Elephants communicate in various ways. Individuals greet one another by touching each other on the mouth, temporal glands, and genitals. This allows them to pick up chemical cues. Older elephants use trunk-slaps, kicks, and shoves to control younger ones. Touching is especially important for mother–calf communication. When moving, elephant mothers will touch their calves with their trunks or feet when side-by-side or with their tails if the calf is behind them. A calf will press against its mother's front legs to signal it wants to rest and will touch the mother's breast or leg when it wants to suckle.
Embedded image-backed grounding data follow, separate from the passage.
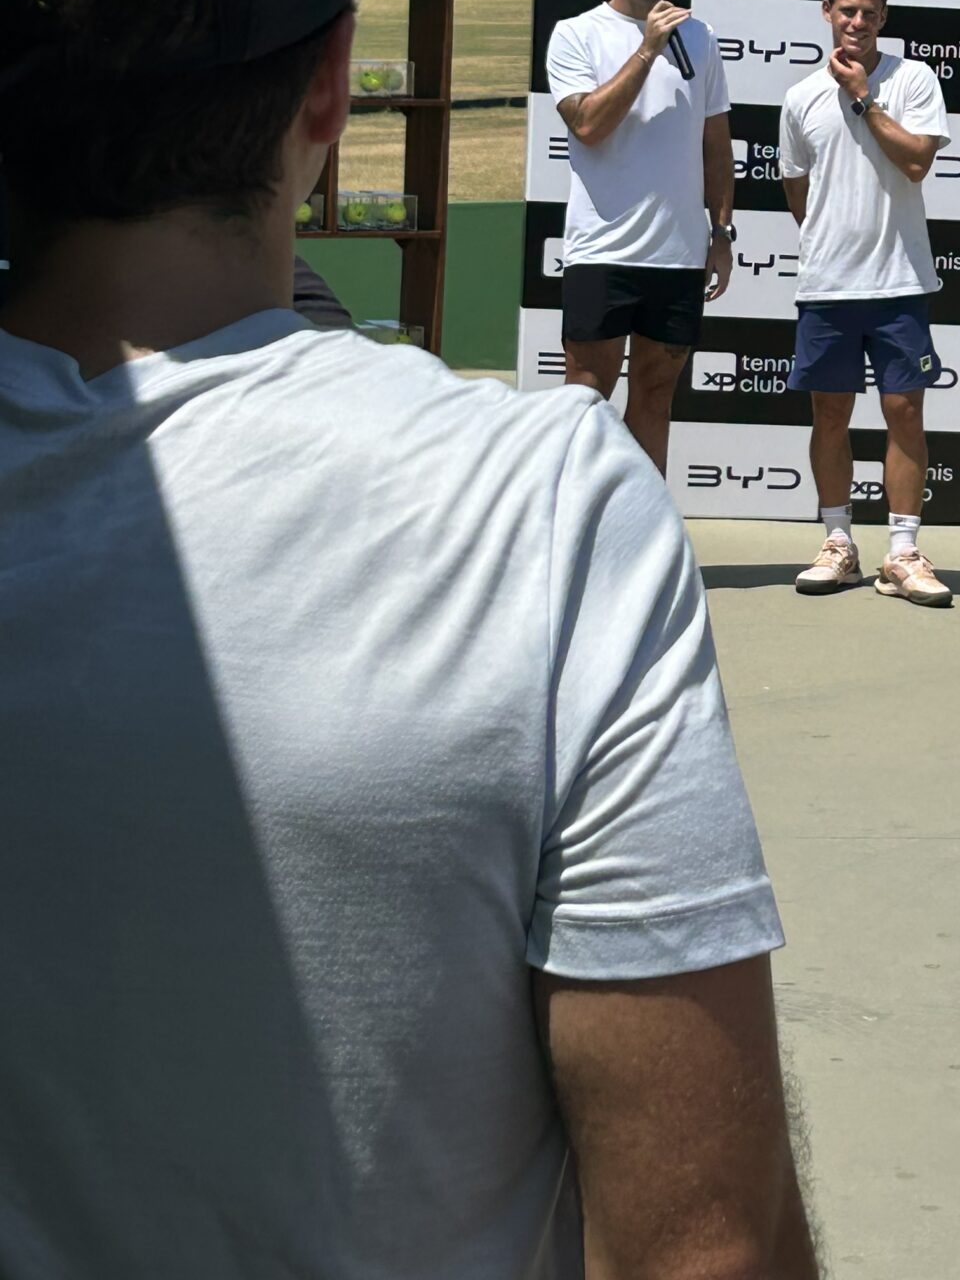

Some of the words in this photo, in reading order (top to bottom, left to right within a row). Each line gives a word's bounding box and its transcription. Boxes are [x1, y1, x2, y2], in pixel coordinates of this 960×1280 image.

[717, 38, 824, 65] BYD
[751, 162, 783, 180] clu
[741, 355, 796, 373] tenni
[740, 375, 786, 394] club
[688, 465, 801, 489] BYD
[926, 463, 953, 481] nis
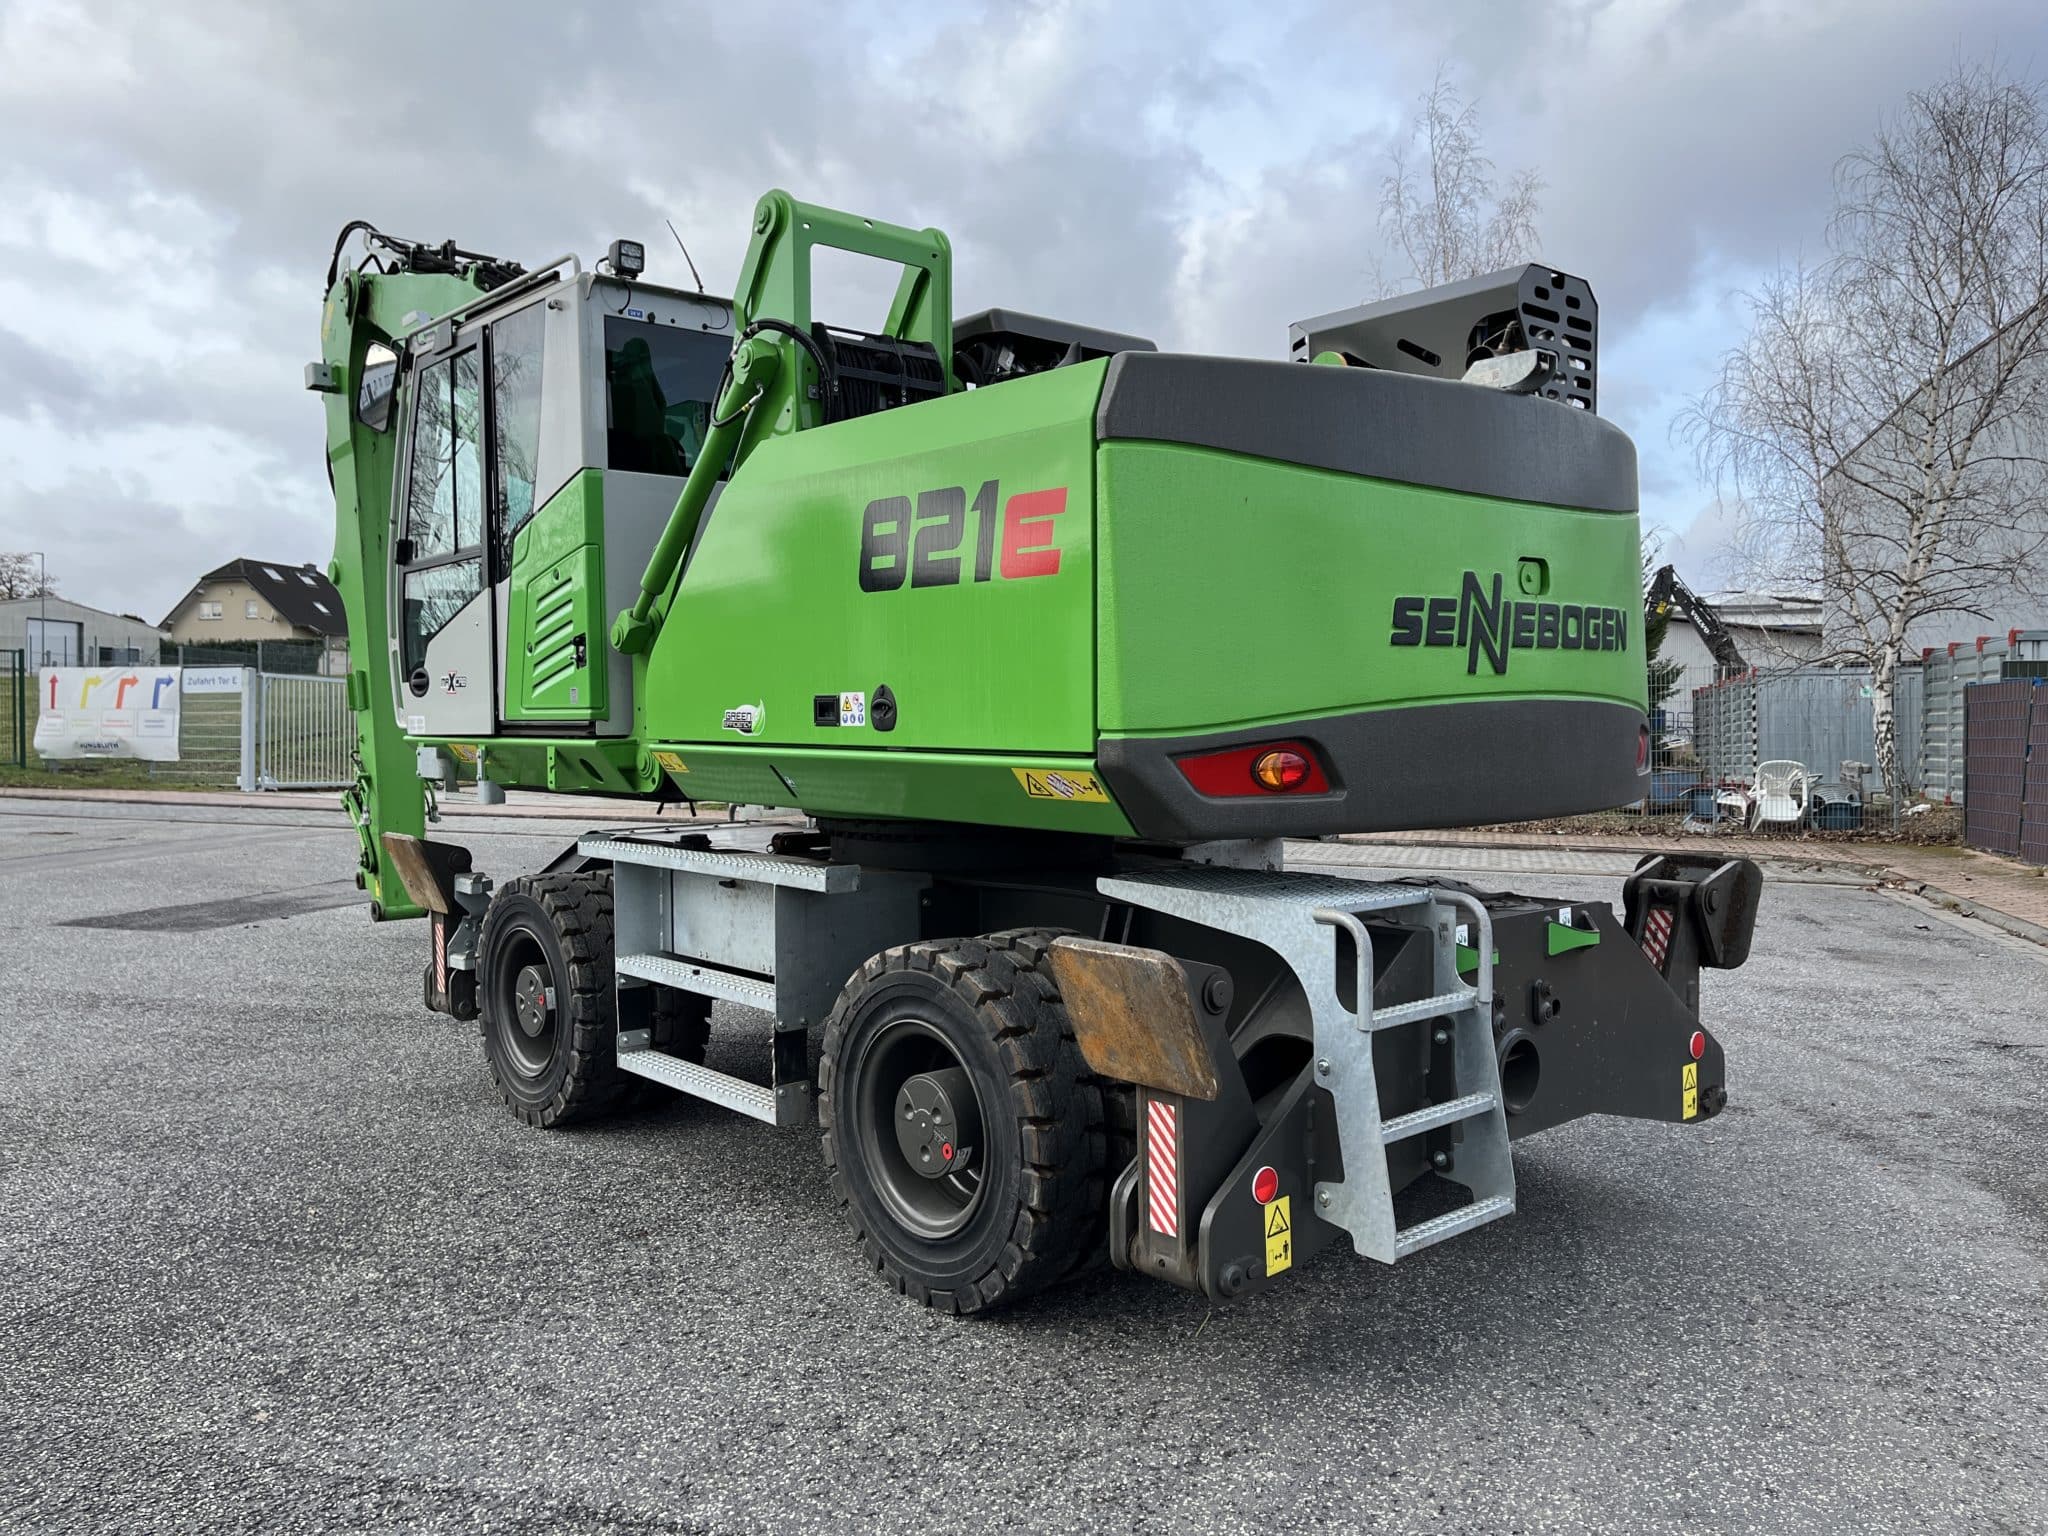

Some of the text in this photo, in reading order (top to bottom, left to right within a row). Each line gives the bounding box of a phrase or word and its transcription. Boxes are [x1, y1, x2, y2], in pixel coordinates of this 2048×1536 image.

[858, 479, 1068, 593] 821E
[1391, 570, 1627, 675] SENNEBOGEN
[1691, 609, 1710, 634] VOLVO
[187, 676, 239, 686] Zufahrt Tor E
[725, 711, 752, 721] GREEN
Visual displays mostly occur in agonistic situations. Elephants will try to appear more threatening by raising their heads and spreading their ears. They may add to the display by shaking their heads and snapping their ears, as well as tossing around dust and vegetation. They are usually bluffing when performing these actions. Excited elephants also raise their heads and spread their ears but additionally may raise their trunks. Submissive elephants will lower their heads and trunks, as well as flatten their ears against their necks, while those that are ready to fight will bend their ears in a V shape.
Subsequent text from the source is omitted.